The expected response is an exact repetition of every record, with images excluded.

━━━━━ Data section ━━━━━

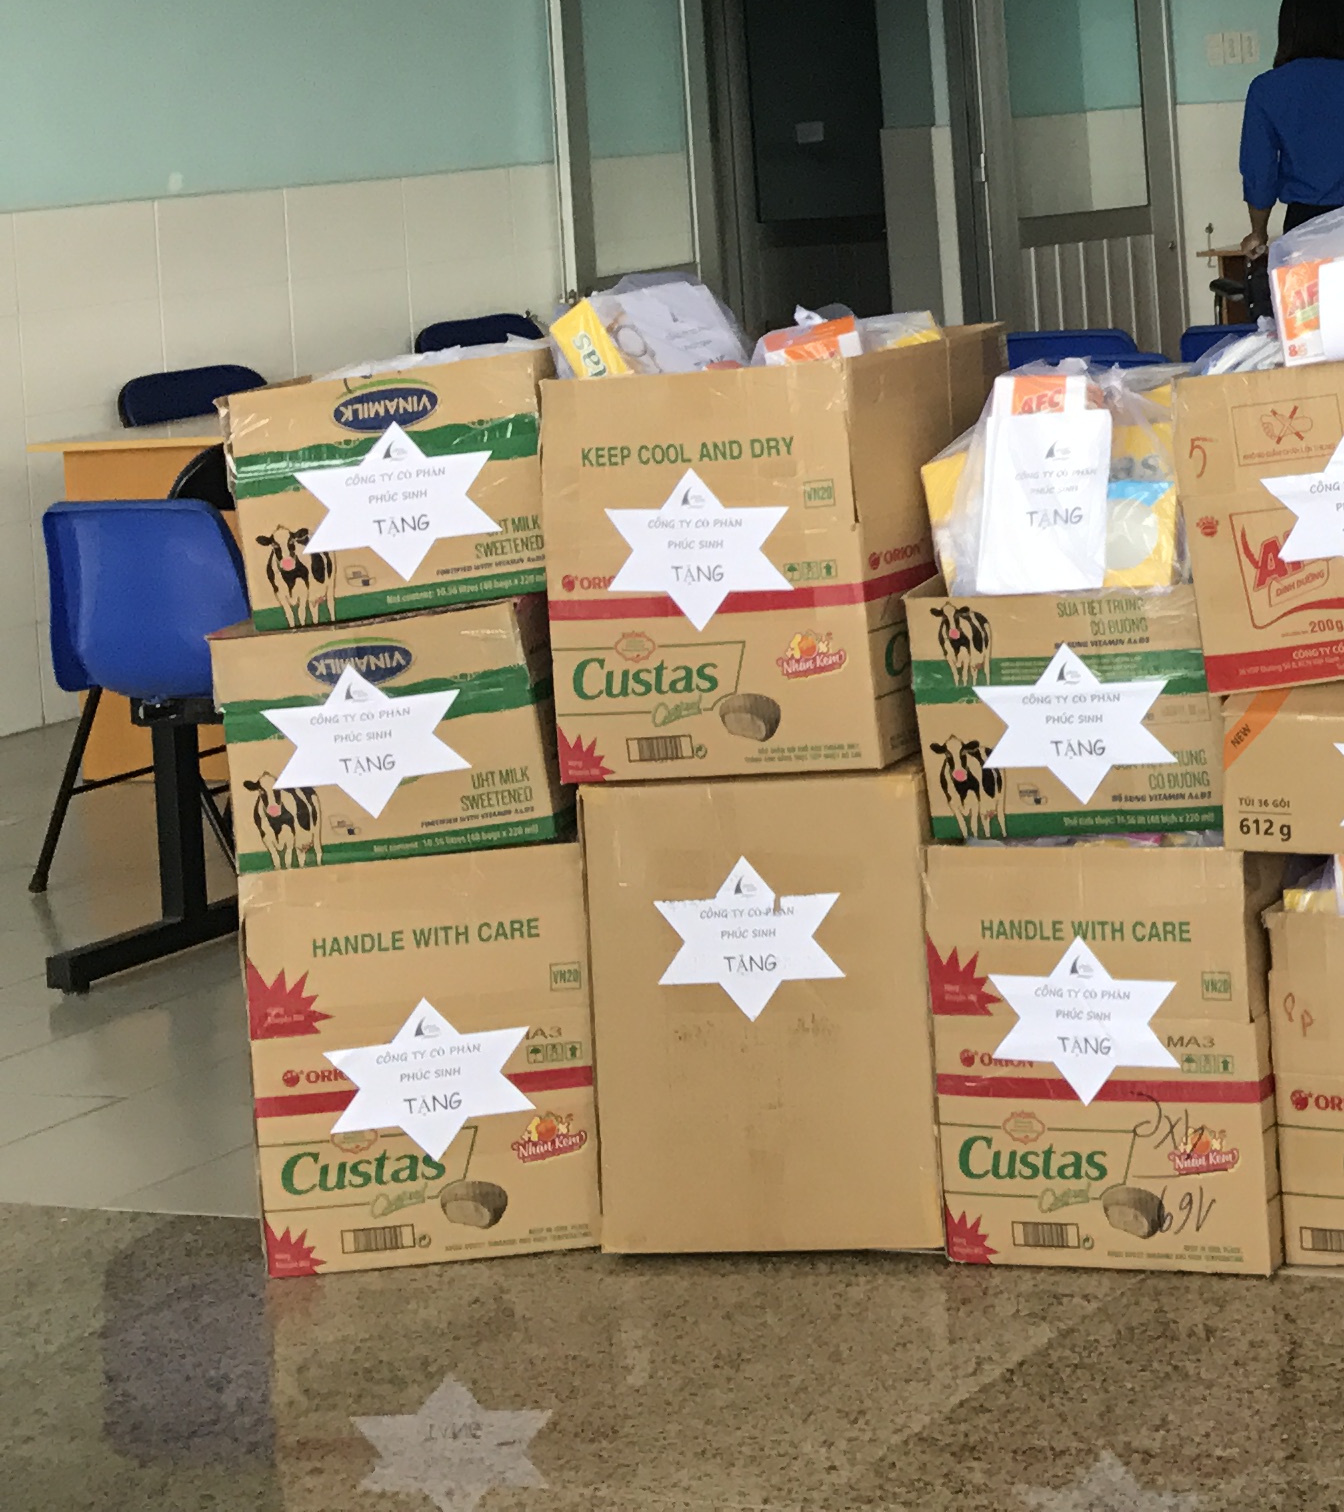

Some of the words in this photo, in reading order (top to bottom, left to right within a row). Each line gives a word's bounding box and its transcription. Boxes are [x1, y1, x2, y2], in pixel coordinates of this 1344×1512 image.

[340, 394, 432, 422] VINAMILK
[1017, 388, 1064, 414] AFC
[581, 443, 632, 468] KEEP
[637, 442, 691, 466] COOL
[700, 439, 742, 463] AND
[749, 436, 795, 459] DRY
[373, 513, 430, 538] TẶNG
[672, 563, 725, 587] TẶNG
[1308, 618, 1344, 636] 200g
[572, 657, 719, 700] Custas
[1229, 723, 1251, 749] NEW
[461, 785, 533, 812] SWEETENED
[312, 930, 404, 958] HANDLE
[413, 923, 470, 949] WITH
[478, 917, 540, 942] CARE
[1166, 1035, 1215, 1049] MA3
[403, 1090, 463, 1116] TẶNG
[958, 1135, 1108, 1181] Custas
[281, 1150, 447, 1196] Custas

━━━━━

**Reply**
Some of the words in this photo, in reading order (top to bottom, left to right within a row). Each line gives a word's bounding box and its transcription. Boxes are [x1, y1, x2, y2], in pixel coordinates of this 1344×1512 image.

[340, 394, 432, 422] VINAMILK
[1017, 388, 1064, 414] AFC
[581, 443, 632, 468] KEEP
[637, 442, 691, 466] COOL
[700, 439, 742, 463] AND
[749, 436, 795, 459] DRY
[373, 513, 430, 538] TẶNG
[672, 563, 725, 587] TẶNG
[1308, 618, 1344, 636] 200g
[572, 657, 719, 700] Custas
[1229, 723, 1251, 749] NEW
[461, 785, 533, 812] SWEETENED
[312, 930, 404, 958] HANDLE
[413, 923, 470, 949] WITH
[478, 917, 540, 942] CARE
[1166, 1035, 1215, 1049] MA3
[403, 1090, 463, 1116] TẶNG
[958, 1135, 1108, 1181] Custas
[281, 1150, 447, 1196] Custas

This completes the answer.